Contemplating Love and the R

I have been quiet here for a few weeks.  What can I say, but that I lead a boring life?  School with its endless 2nd grade spelling tests and high school essays has consumed us once again.   When I am checking math facts or doing all the crazy things we do for spelling, I have been worrying a few bones of my own.

I really feel that Bell needs a different speech therapist at school, but my attempts at getting her switched have hit a wall.  Apparently the other therapist only sees older students.  Never mind that the current therapist isn't helping.  There is a center in Lawton that does free therapy and I have called  at least twice a week for the past two weeks.  I leave messages.  No one calls back.  I suppose that means the door is shut.  There are other clinics, but they cost a fortune.  When Bell was little, we spent almost a thousand a month on therapy for the first while.  I imagine we wouldn't go as often now, but it would still be a hundred a week.  I don't know where that money would come from.  In the mean time, I wonder if I could deal with this at home if I just knew a little more about how to help her.  We do some practice at home, but I am limited in knowing technique.  Not pursuing this doesn't feel like an option.  People don't get to be president if they can't say their R's.  Bell doesn't yet know what she wants (she says the first job will be to build a machine to dig to the center of the earth to confirm what the core consists of, but then she will think about going to space), but I don't want language to be a barrier for whatever she pursues.   Next year, Bell will be old enough to see the other therapist, but will be it be in time?

Besides the dreaded R, I have spent a lot of time thinking about love and marriage.  Two weeks ago, I found out that an old friend was getting a divorce and then last week, I found out that someone near and dear was also divorcing, leaving some wreckage that will have a pretty serious impact on my family.    On the other end of the spectrum, Cindy has found someone to share her life with, someone she has committed to.  This love she has found makes my heart sing.

  I am reminded how wonderful and exciting love is, but how fragile it becomes if we don't nurture it.  At my brother's wedding in  the fall, Reggie, the preacher, talked about how if a marriage was going to work, people had to choose to walk in love every day.  If they weren't actively and consciously putting on love and fruits of the spirit, they would begin walking in selfishness, pursuing their own desires, choosing impatience . . . And eventually the couple would say "we just aren't in love any more."   Jack and I don't have the perfect marriage, and there were times early on when I thought I had probably ruined his life by marrying him.  However, we continue to practice walking in love, in putting each other and the idea of us above selfish desires.  We get better at this every year, and as we get better at it, it turns out that putting the needs of each other first is self serving.  If I am seeking what is best for him and he is seeking what is best for me, then we are making sure that each other's needs are met.
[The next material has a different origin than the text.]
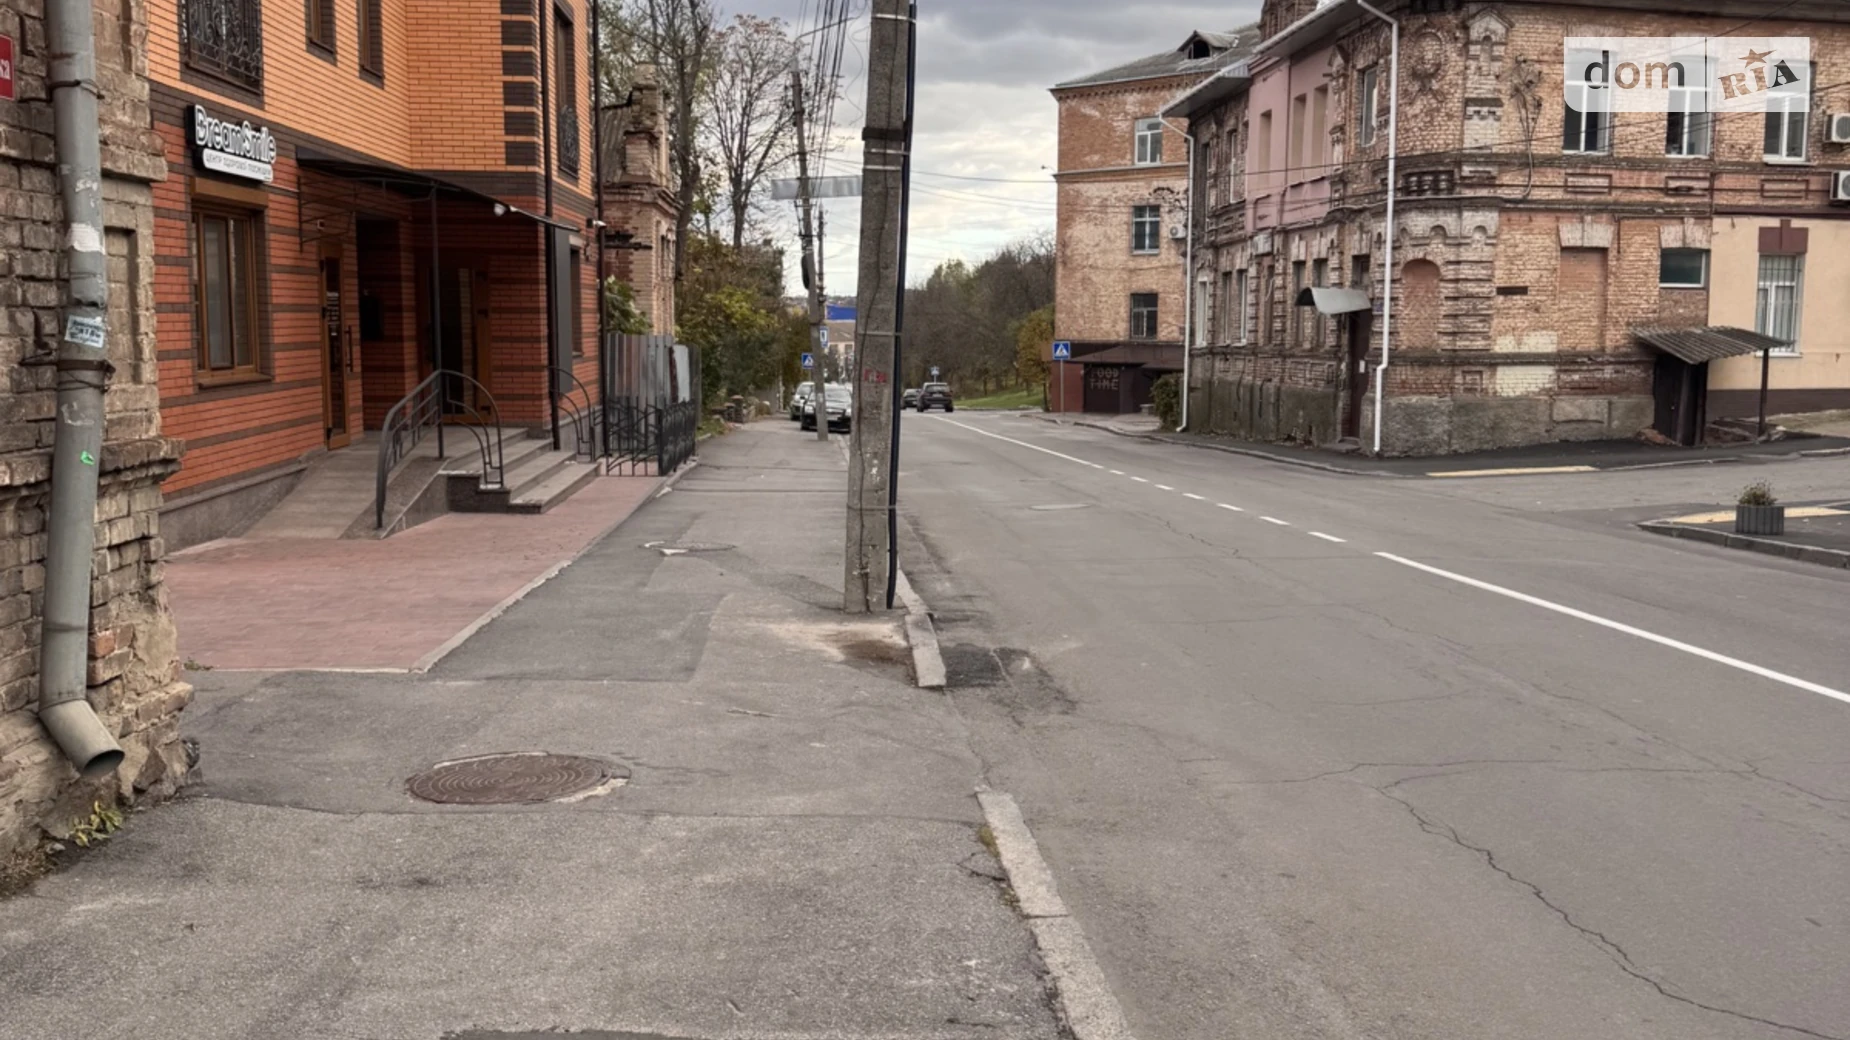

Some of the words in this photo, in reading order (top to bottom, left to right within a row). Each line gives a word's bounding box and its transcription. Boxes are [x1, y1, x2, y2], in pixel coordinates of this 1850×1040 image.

[195, 104, 276, 163] DreamSmile
[1091, 367, 1119, 378] FOOD
[1089, 378, 1119, 390] TIME
There is no need to be selfish.   An old friend once told me that divorce is inevitable for all couples and that when things stopped being fun, you just move on.  I think that might have been the point when our friendship started to fizzle.  I just can't  be that casual about what I see as commitment.    I have spent a lot of time looking around me the past two weeks - I see a lot of joyful marriages and I see rubble where marriages that once were joyful have been cast aside.  I am so very happy for Cindy, but I am also sober, sad for the endings I also see.

Thursday, of my female students told one of the boys that he was a fool for not dating lots of girls and shopping around.  She suggested that he wouldn't know whether or not a better girl was out there unless he did.  He didn't say much, angered a little.  I rarely jump into my kids' conversations, but I did that day.  I said  the idea that someone else better was always out there contributed to people's dissatisfaction  with their spouses later on,  that this dating and dumping frenzy, rather than waiting and really getting to know someone and then committing if it was right,  was practice for divorce later on. The girl scoffed and said no one ever married their first love and stayed with them and were stupid if they did, staying only out of ignorance. I asked if she was calling my family stupid.  That ended the conversation.


1 comment:

  1. I married my first love. That girl is so young and clueless. She will have a hard heart one day.

    You and Jack were meant to be.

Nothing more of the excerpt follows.